[[ DATA RECORDS, beginning ]]
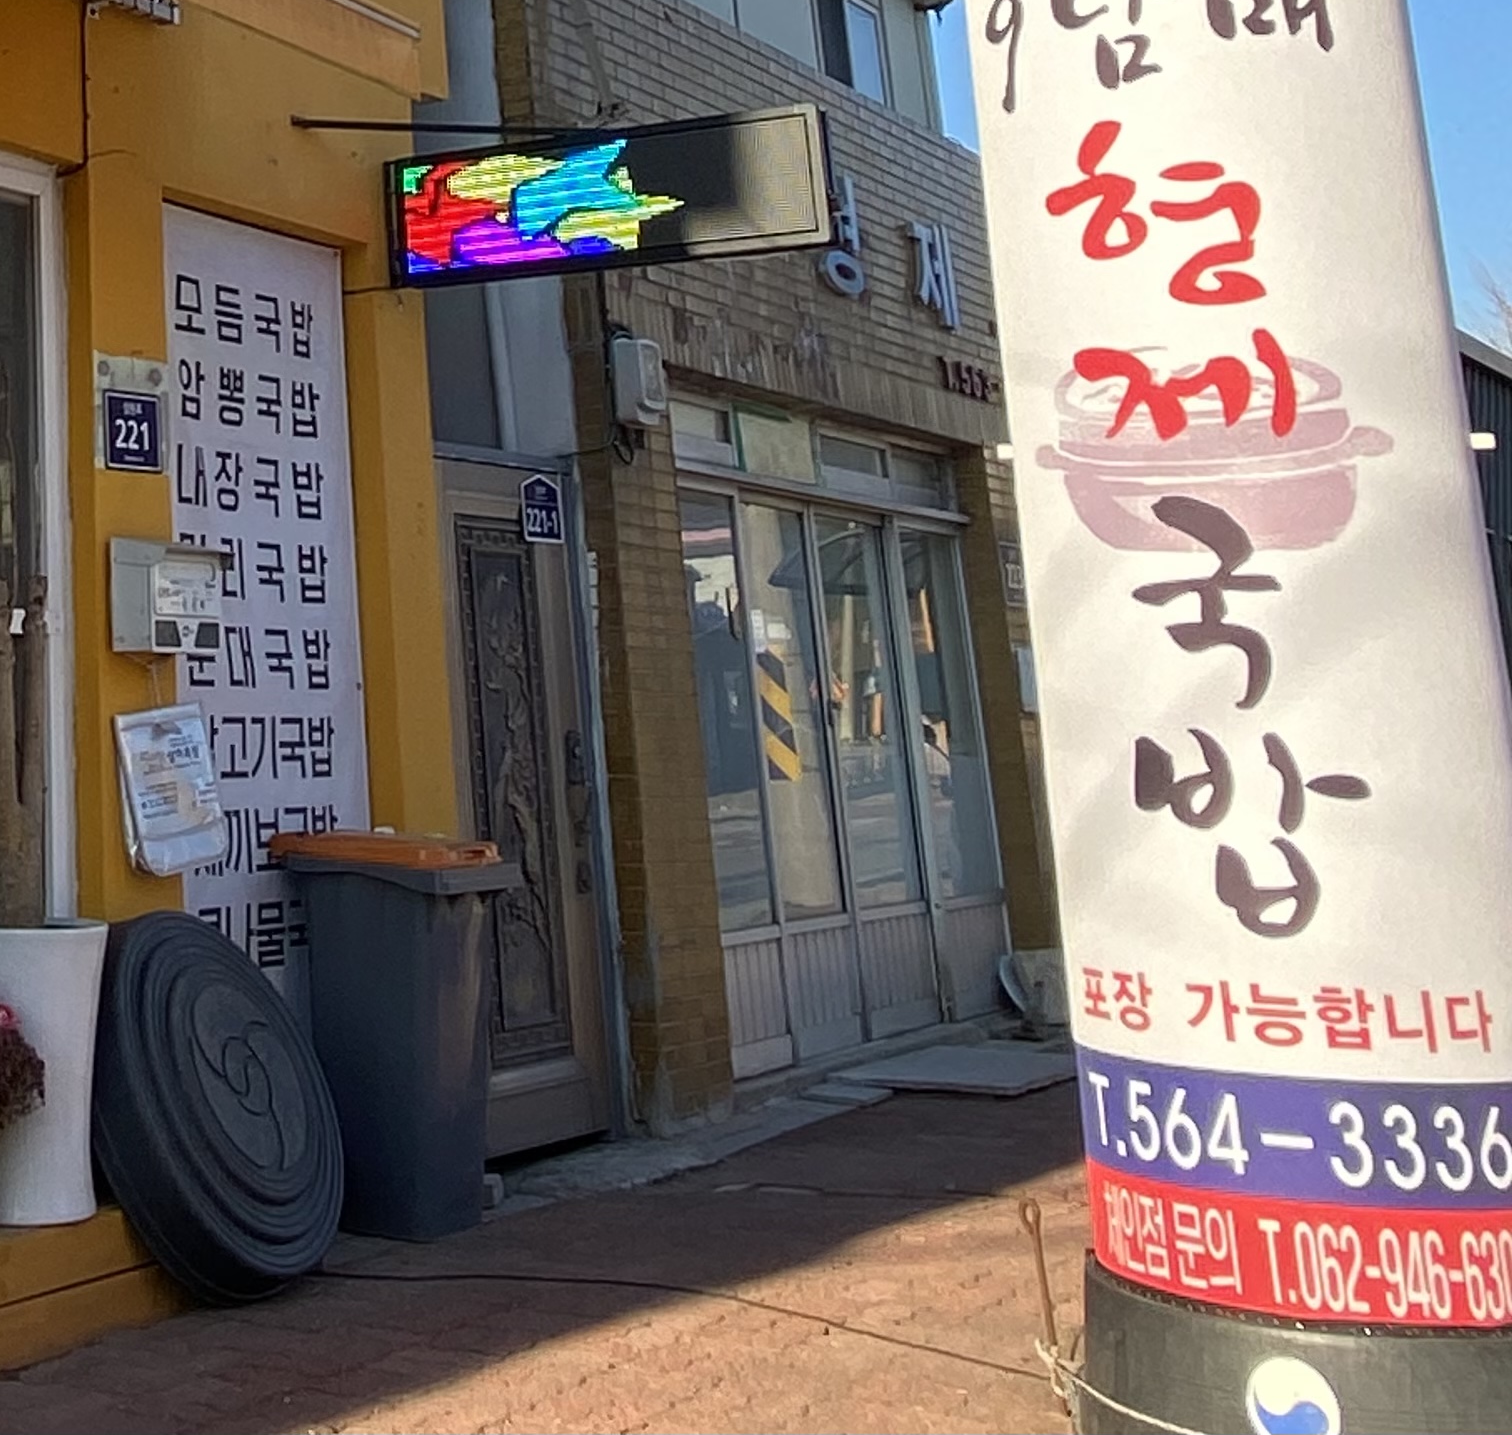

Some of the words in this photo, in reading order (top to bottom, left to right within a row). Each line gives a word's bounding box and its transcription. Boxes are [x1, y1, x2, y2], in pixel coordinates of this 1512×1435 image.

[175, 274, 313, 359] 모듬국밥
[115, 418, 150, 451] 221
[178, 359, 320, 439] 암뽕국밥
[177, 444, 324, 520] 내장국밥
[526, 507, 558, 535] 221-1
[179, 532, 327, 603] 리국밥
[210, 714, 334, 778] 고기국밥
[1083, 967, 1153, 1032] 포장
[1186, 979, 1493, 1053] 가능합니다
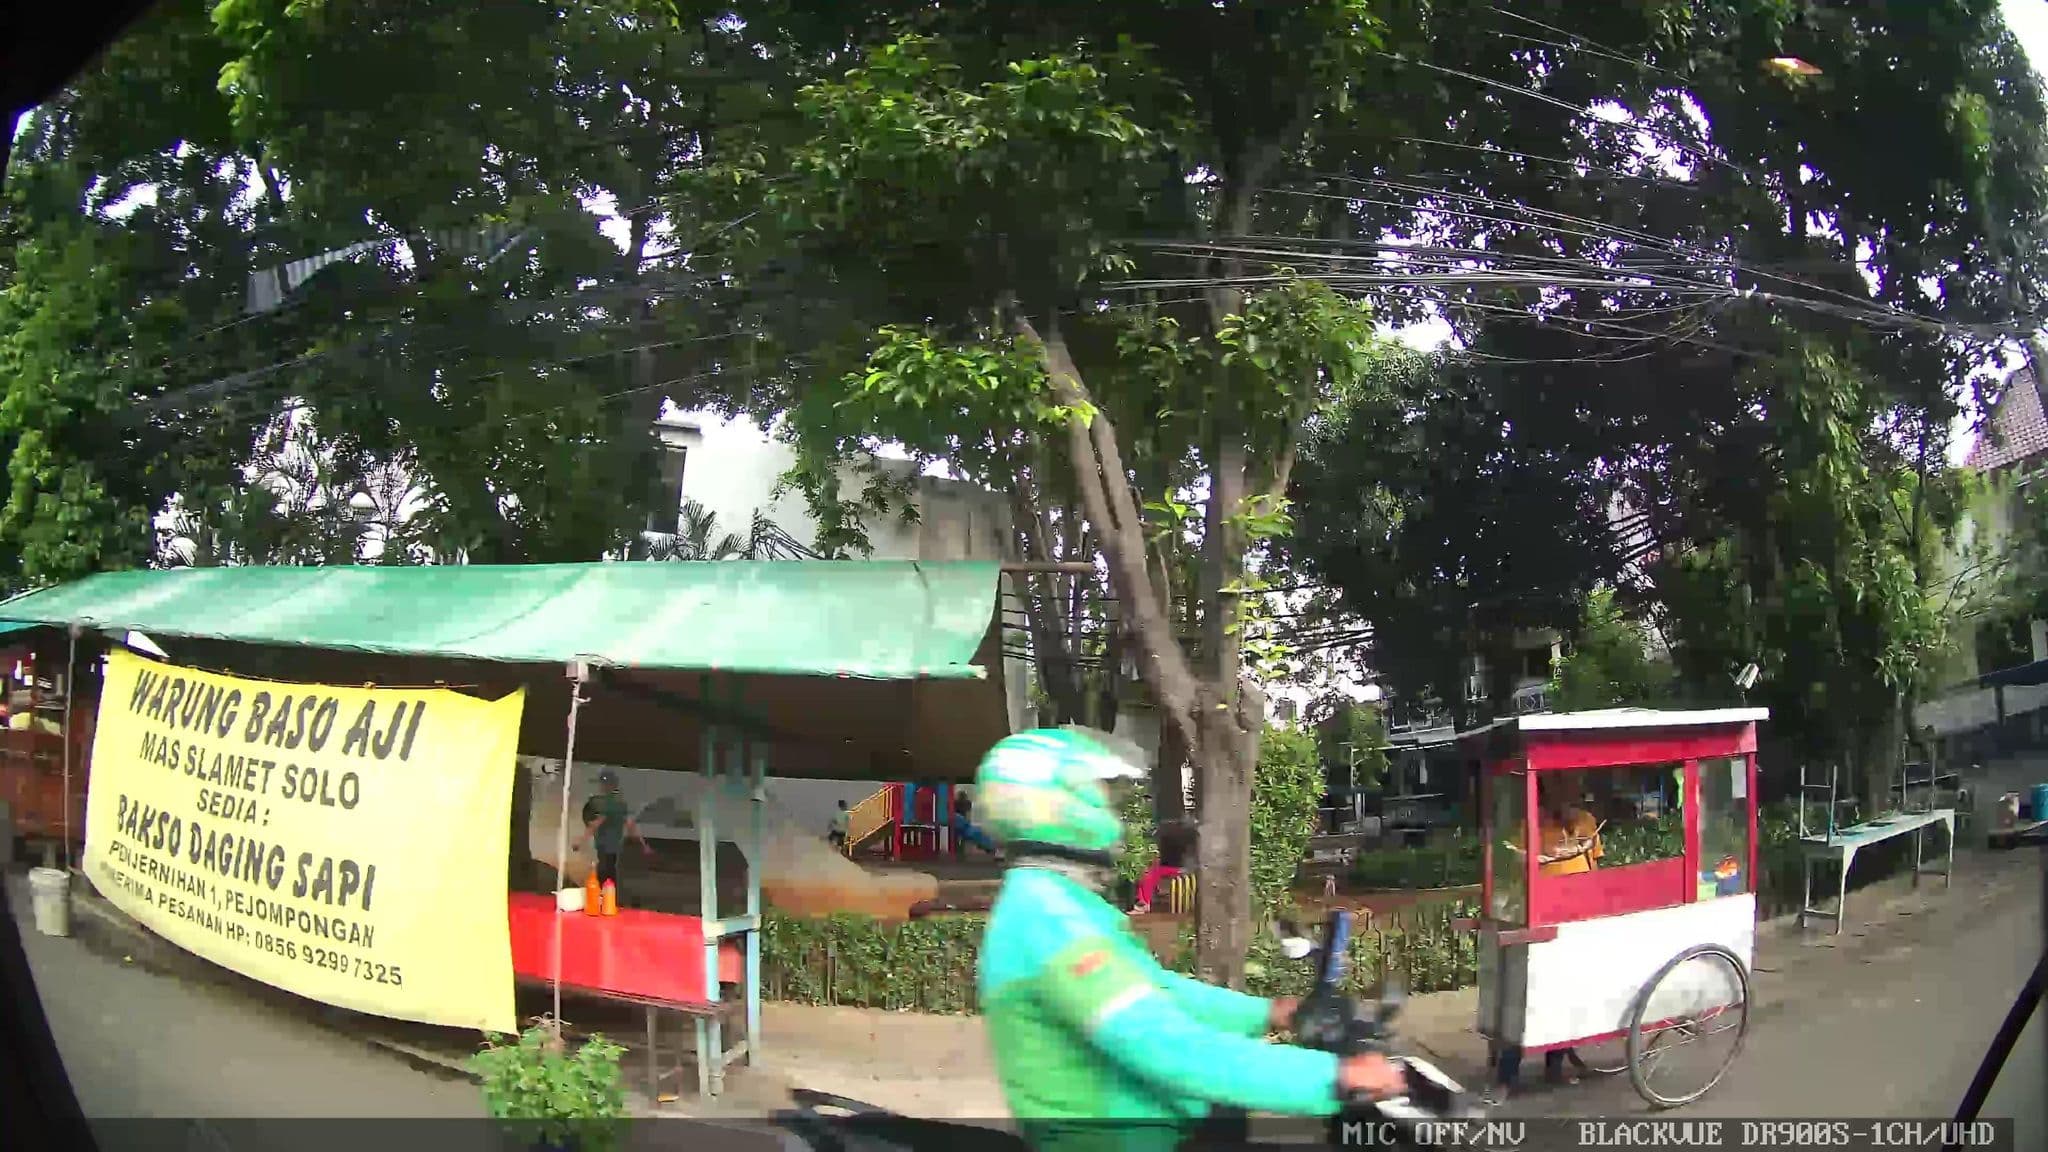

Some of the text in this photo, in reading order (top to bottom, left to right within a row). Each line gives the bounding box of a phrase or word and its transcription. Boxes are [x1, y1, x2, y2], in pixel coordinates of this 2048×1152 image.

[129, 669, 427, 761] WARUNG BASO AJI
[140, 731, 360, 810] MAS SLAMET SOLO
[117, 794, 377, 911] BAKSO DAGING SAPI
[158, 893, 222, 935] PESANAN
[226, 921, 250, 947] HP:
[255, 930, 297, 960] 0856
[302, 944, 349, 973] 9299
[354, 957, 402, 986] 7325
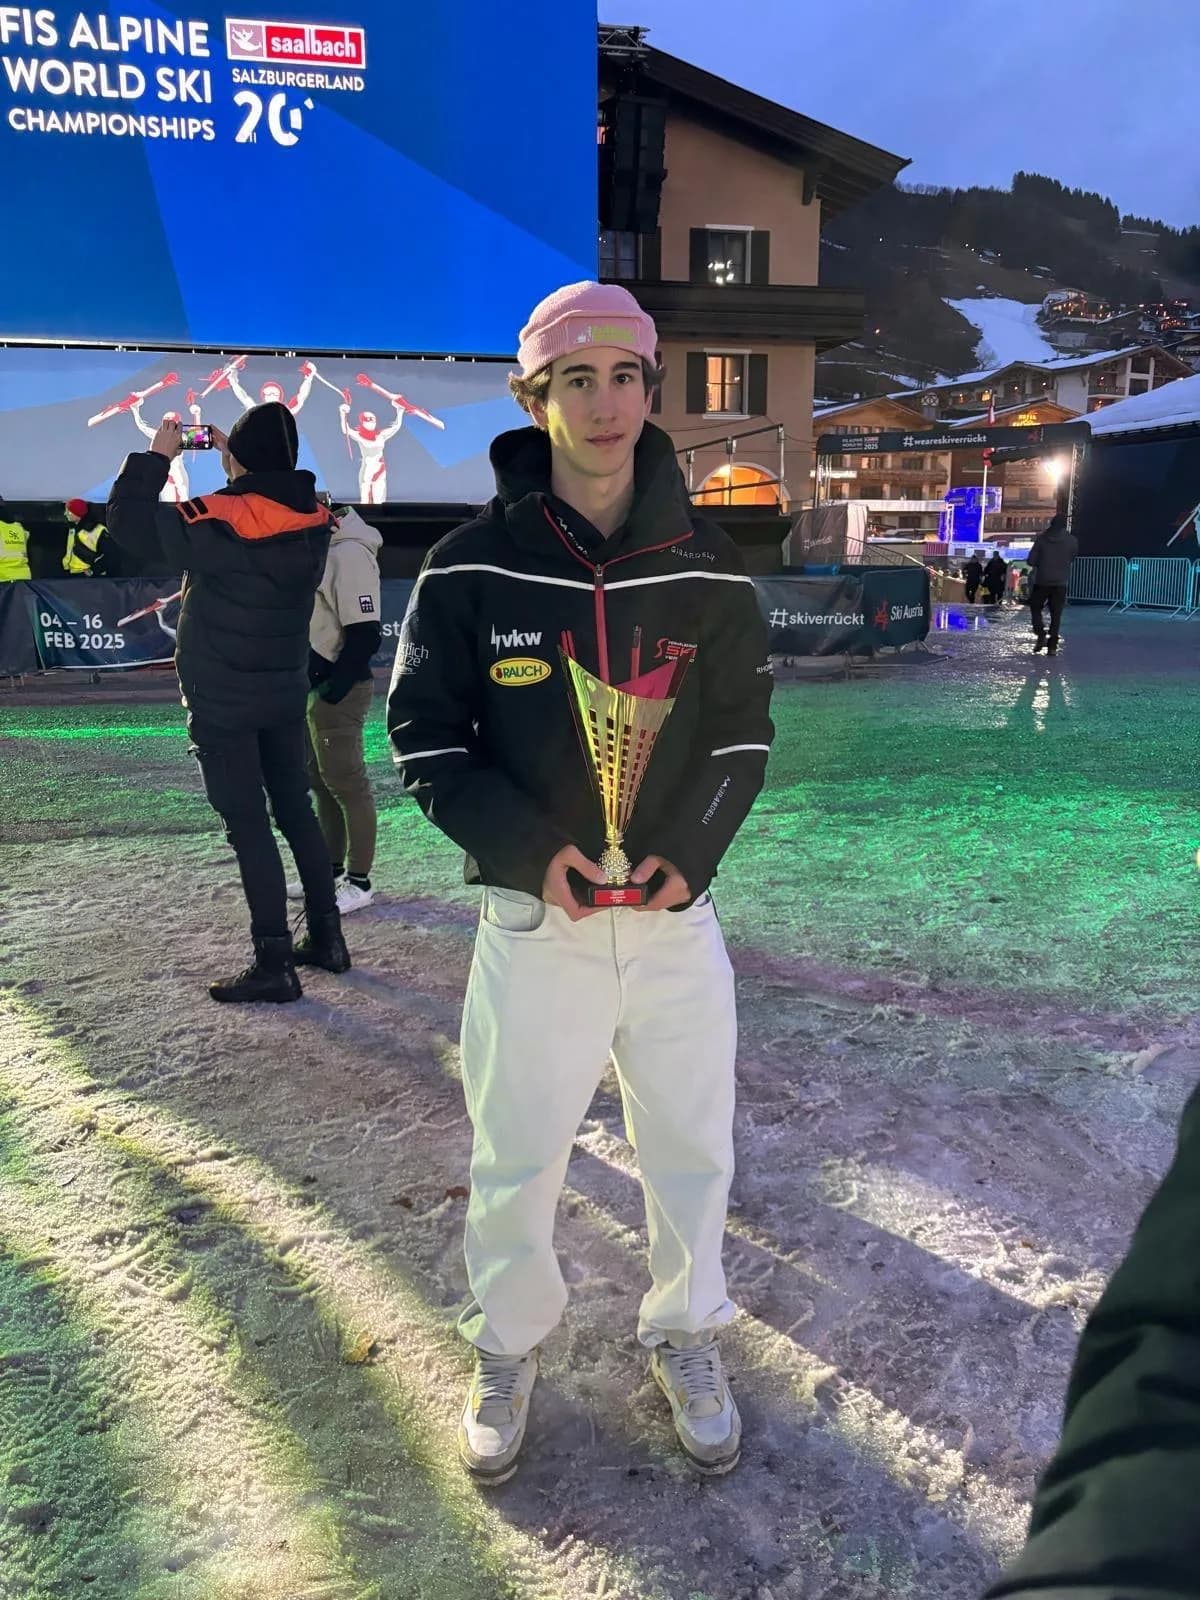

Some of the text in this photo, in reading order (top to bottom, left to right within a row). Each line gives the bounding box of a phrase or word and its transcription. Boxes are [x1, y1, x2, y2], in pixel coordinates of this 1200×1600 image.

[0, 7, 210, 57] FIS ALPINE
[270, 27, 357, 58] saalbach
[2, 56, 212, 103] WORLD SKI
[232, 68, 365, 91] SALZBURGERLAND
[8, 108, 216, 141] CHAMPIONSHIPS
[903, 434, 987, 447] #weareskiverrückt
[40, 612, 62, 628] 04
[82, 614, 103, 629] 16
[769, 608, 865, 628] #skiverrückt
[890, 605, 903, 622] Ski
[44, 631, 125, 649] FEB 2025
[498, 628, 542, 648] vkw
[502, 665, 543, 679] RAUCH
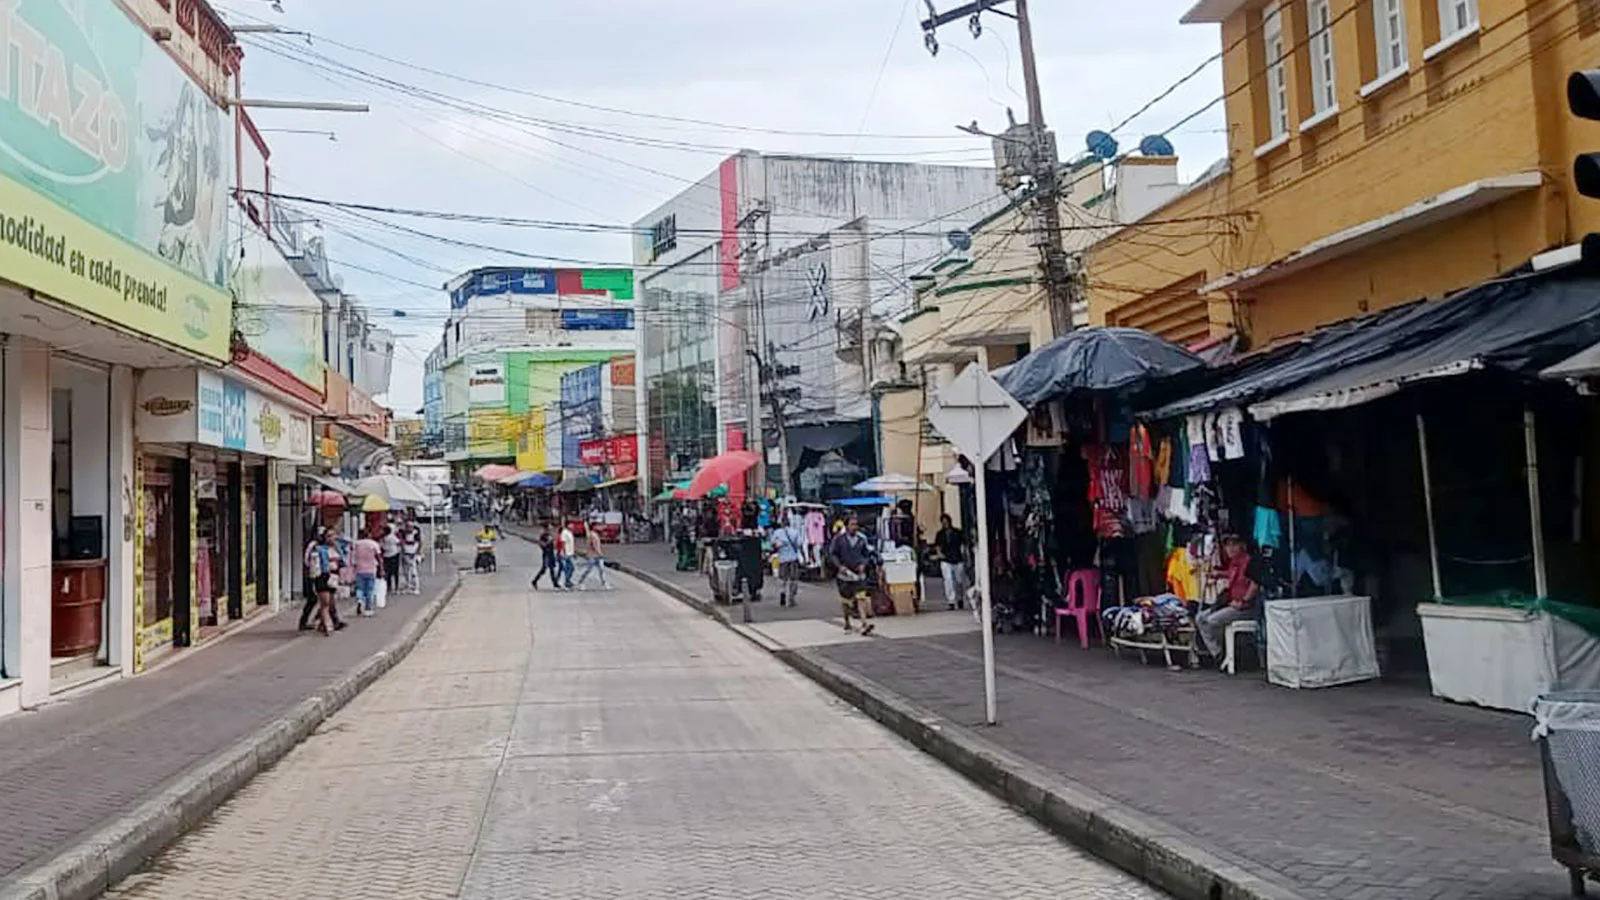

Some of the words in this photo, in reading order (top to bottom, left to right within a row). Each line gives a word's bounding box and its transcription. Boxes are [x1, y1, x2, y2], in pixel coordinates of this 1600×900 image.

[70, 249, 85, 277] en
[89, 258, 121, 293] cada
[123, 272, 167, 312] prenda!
[[ DATA RECORDS, end ]]
> **TASK**:
A faithful copy is needed of the lines from the one containing "this 2048×1152 image." through the last line of the data above, with pictures left out.

> **OUTPUT OF THE TASK**:
Some of the text in this photo, in reading order (top to bottom, left to right within a row). Each line gives the bounding box of a phrase or word and its transcription. Boxes are [x1, y1, x2, y2], in pixel coordinates of this 2048×1152 image.

[129, 669, 427, 761] WARUNG BASO AJI
[140, 731, 360, 810] MAS SLAMET SOLO
[117, 794, 377, 911] BAKSO DAGING SAPI
[158, 893, 222, 935] PESANAN
[226, 921, 250, 947] HP:
[255, 930, 297, 960] 0856
[302, 944, 349, 973] 9299
[354, 957, 402, 986] 7325

Some of the text in this photo, in reading order (top to bottom, left to right within a row). Each line gives the bounding box of a phrase or word and its transcription. Boxes are [x1, y1, x2, y2], in pixel coordinates of this 1200×1600 image.

[0, 7, 210, 57] FIS ALPINE
[270, 27, 357, 58] saalbach
[2, 56, 212, 103] WORLD SKI
[232, 68, 365, 91] SALZBURGERLAND
[8, 108, 216, 141] CHAMPIONSHIPS
[903, 434, 987, 447] #weareskiverrückt
[40, 612, 62, 628] 04
[82, 614, 103, 629] 16
[769, 608, 865, 628] #skiverrückt
[890, 605, 903, 622] Ski
[44, 631, 125, 649] FEB 2025
[498, 628, 542, 648] vkw
[502, 665, 543, 679] RAUCH

Some of the words in this photo, in reading order (top to bottom, left to right within a row). Each line gives a word's bounding box and its transcription. Boxes are [x1, y1, x2, y2], in pixel coordinates of this 1600×900 image.

[70, 249, 85, 277] en
[89, 258, 121, 293] cada
[123, 272, 167, 312] prenda!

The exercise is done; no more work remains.